翻って、それまで静観していたウルが『ん?』と声を上げ、それに気づいたレプターが視線を向けつつ。
「な、何だ? ウル、貴女も何か──」
何か言いたい事でもあるのか──と若干ではあるが開き直った様子で紅潮した顔を逸らしながら問うと。
「いや、お前の髪……そんな色だったか?」
「? 私の髪は両親より受け継いだ──」
ウルは彼女の言葉をあっさり遮り、スッと人差し指を彼女の髪に向け見たままの事実を口にしてのけた。
しかれど、レプターとしては彼女が何を言っているのか見当もつかず、この瞬間だって翠緑である筈の自らの長髪を指で梳きながら視線を向けたところ──。
「──……なっ、何っ!?」
……彼女は図らずも目を見開いてしまう。
それもその筈、艶のある翠緑だった筈の彼女の髪が一本一本に至るまで綺麗な金色となっていたからだ。
しかし彼女に起きた変化は、それだけではない。
「私の髪が──いやそれよりも、この翼は……!」
そう、そんな彼女の言葉通りに彼女の背中には髪より目立つ大きな変化として、レプターの身体に生えた鱗と同色で雄大かつ荘厳な出立ちの一対の翼や、それまではなかった筈の一対の鋭い角も生えていたのだ。
「……あと貴女、『りざーどまん』じゃなくなってるわ。 『どらごにゅーと』? ってのになってるわよ」
「やはり──……っというか、分かるのか!?」
「? えぇ、そう視えるもの」
そんな彼女に追い討ちをかける様に、ハピがレプターを翠緑の瞳で視通しつつ告げてきた『種族さえ変わっている』という衝撃の事実に、レプターが信じられないといった表情を見せる一方で、その原因であるところのハピは何でもないかの如く首をかしげている。
──龍人。
この世界における全ての亜人族の中でも最上位に名を連ねる程の種族であり、その屈強な身体で陸を、その卓越した心肺機能で海を、その堂々たる大翼で空をといった具合に存在する場所を問わぬ万能さを誇り。
蜥蜴人が持って生まれる『最強へ至る権利』とは、まさしく龍人への進化の事を指していたのである。

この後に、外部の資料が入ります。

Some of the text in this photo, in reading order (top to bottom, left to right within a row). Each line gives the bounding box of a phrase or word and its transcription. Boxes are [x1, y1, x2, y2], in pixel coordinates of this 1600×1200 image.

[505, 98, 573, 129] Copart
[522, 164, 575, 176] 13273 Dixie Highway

(……この方は、ミコ様は紛れもなく勇者だ。 それくらいの事を、やってのけてもおかしくはないが──)
翻って、あまりに唐突に今まで切望しつつも成し得なかった上位種への進化を知らぬ間に一瞬で遂げてしまったレプターは額に手を当て思考の海に沈みながらも、その切っ掛けの望子をチラッと見遣ったものの。

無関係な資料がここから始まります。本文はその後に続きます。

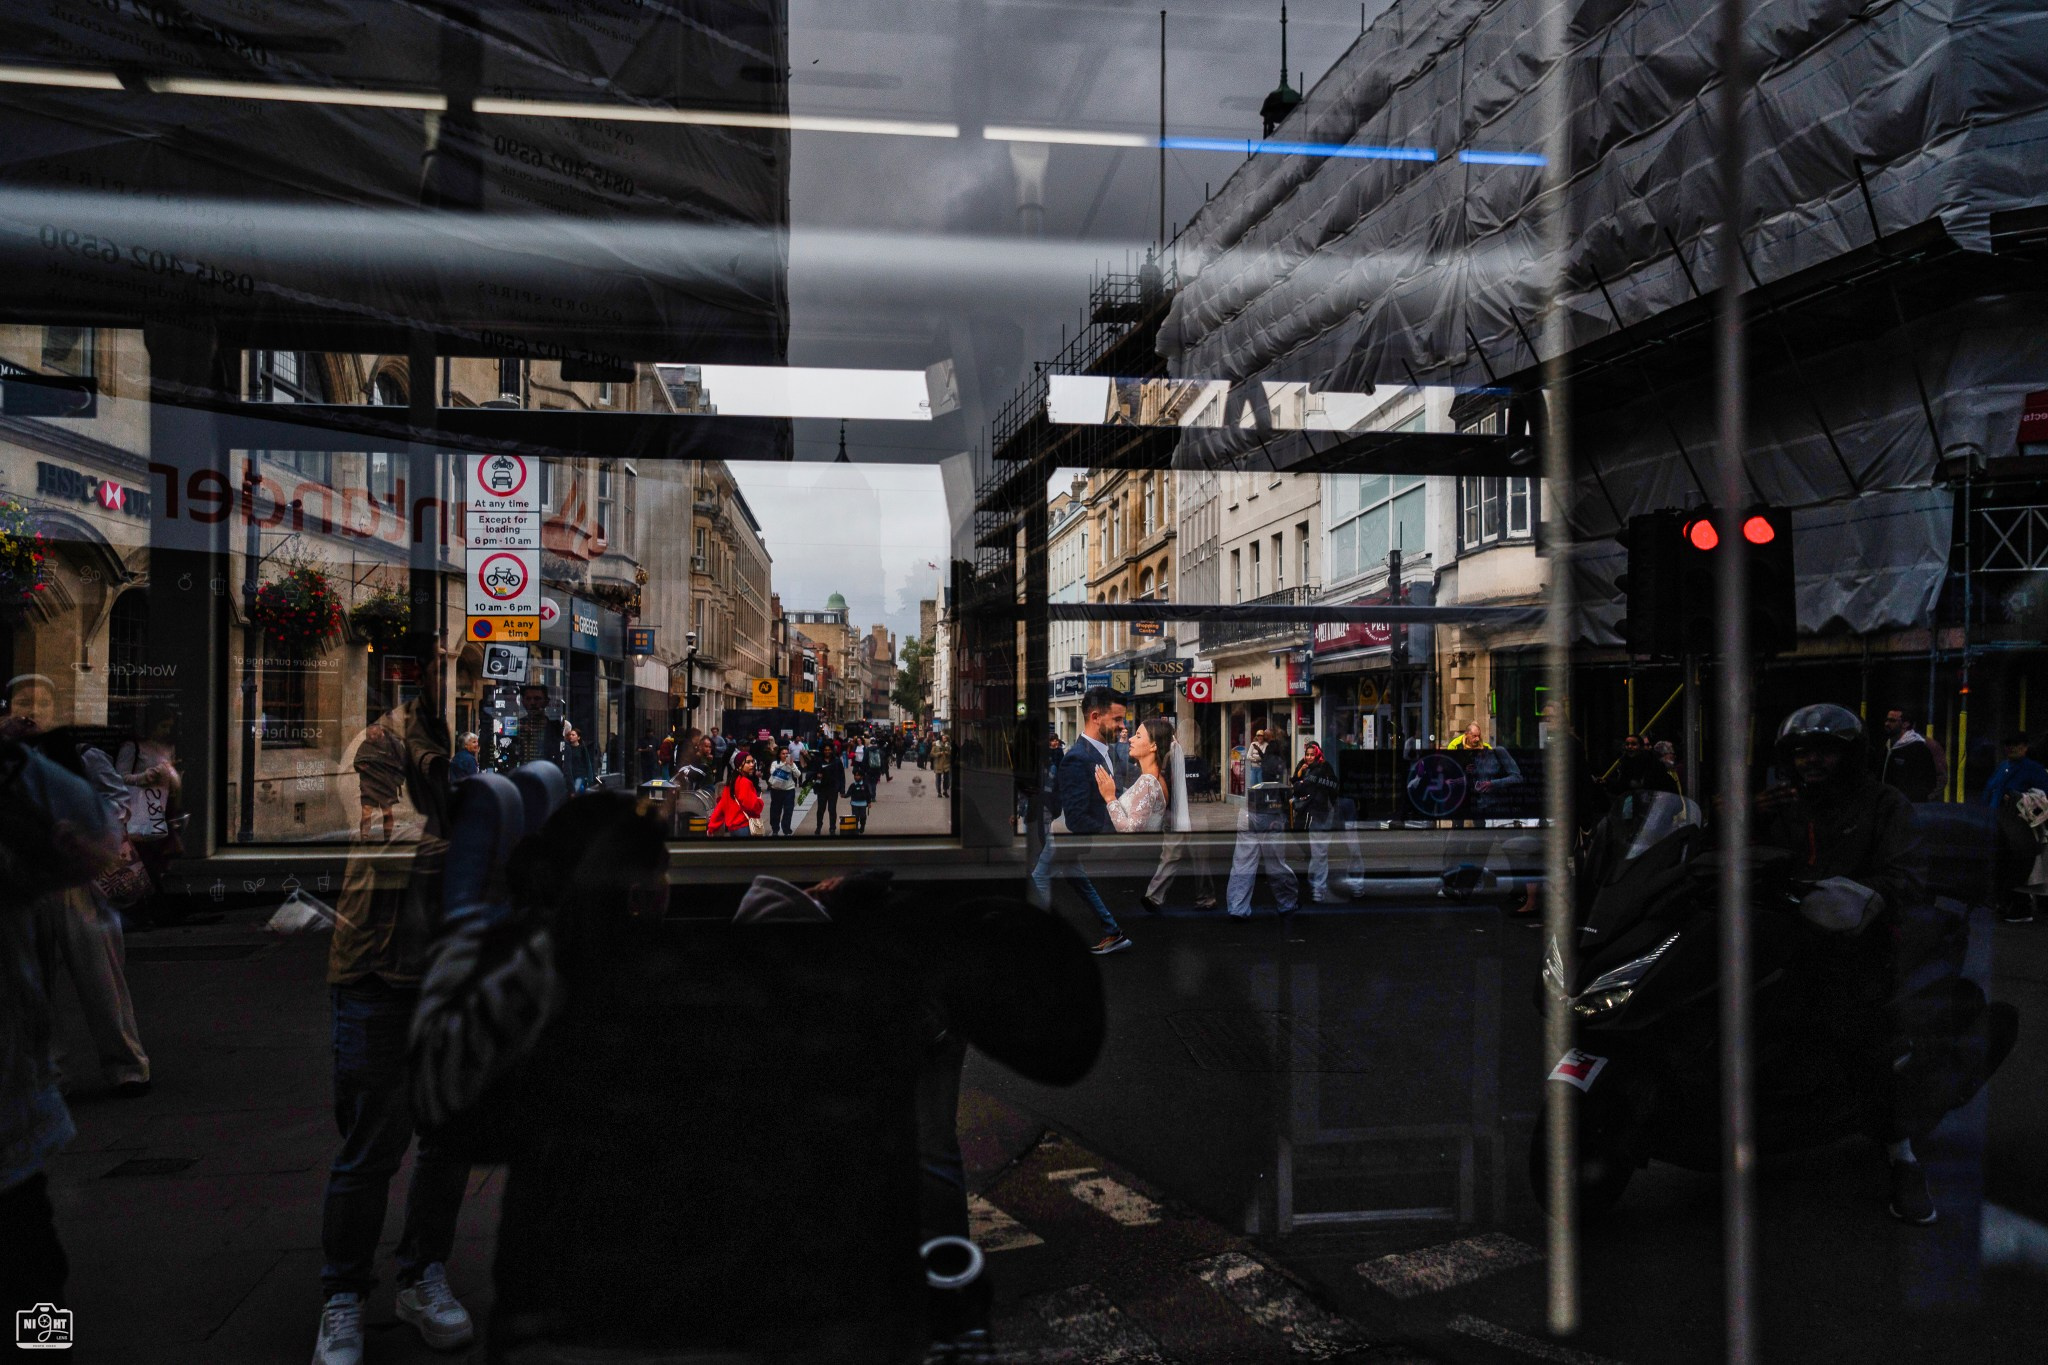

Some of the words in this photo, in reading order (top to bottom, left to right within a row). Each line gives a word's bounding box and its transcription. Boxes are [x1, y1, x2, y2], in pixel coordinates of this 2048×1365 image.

当の望子は何故かしゅんとしてしまっており、そんな望子に違和感を覚えたレプターが、『ミコ様?』と怪訝そうな表情で目線を合わせると、そんな望子の純粋な黒い瞳にはジワッと少しずつ涙が浮かんで──。
「ご……ごめんね……かみのいろとか、つのとか、はねとか、いろいろ……わたしの、せいだよね……?」
「!」
……どうやら強制的にぬいぐるみにしてしまった事と同じ様に、レプターに起きた異変全てを自分のせいだと思っているのだろう望子は頭を下げて謝罪した。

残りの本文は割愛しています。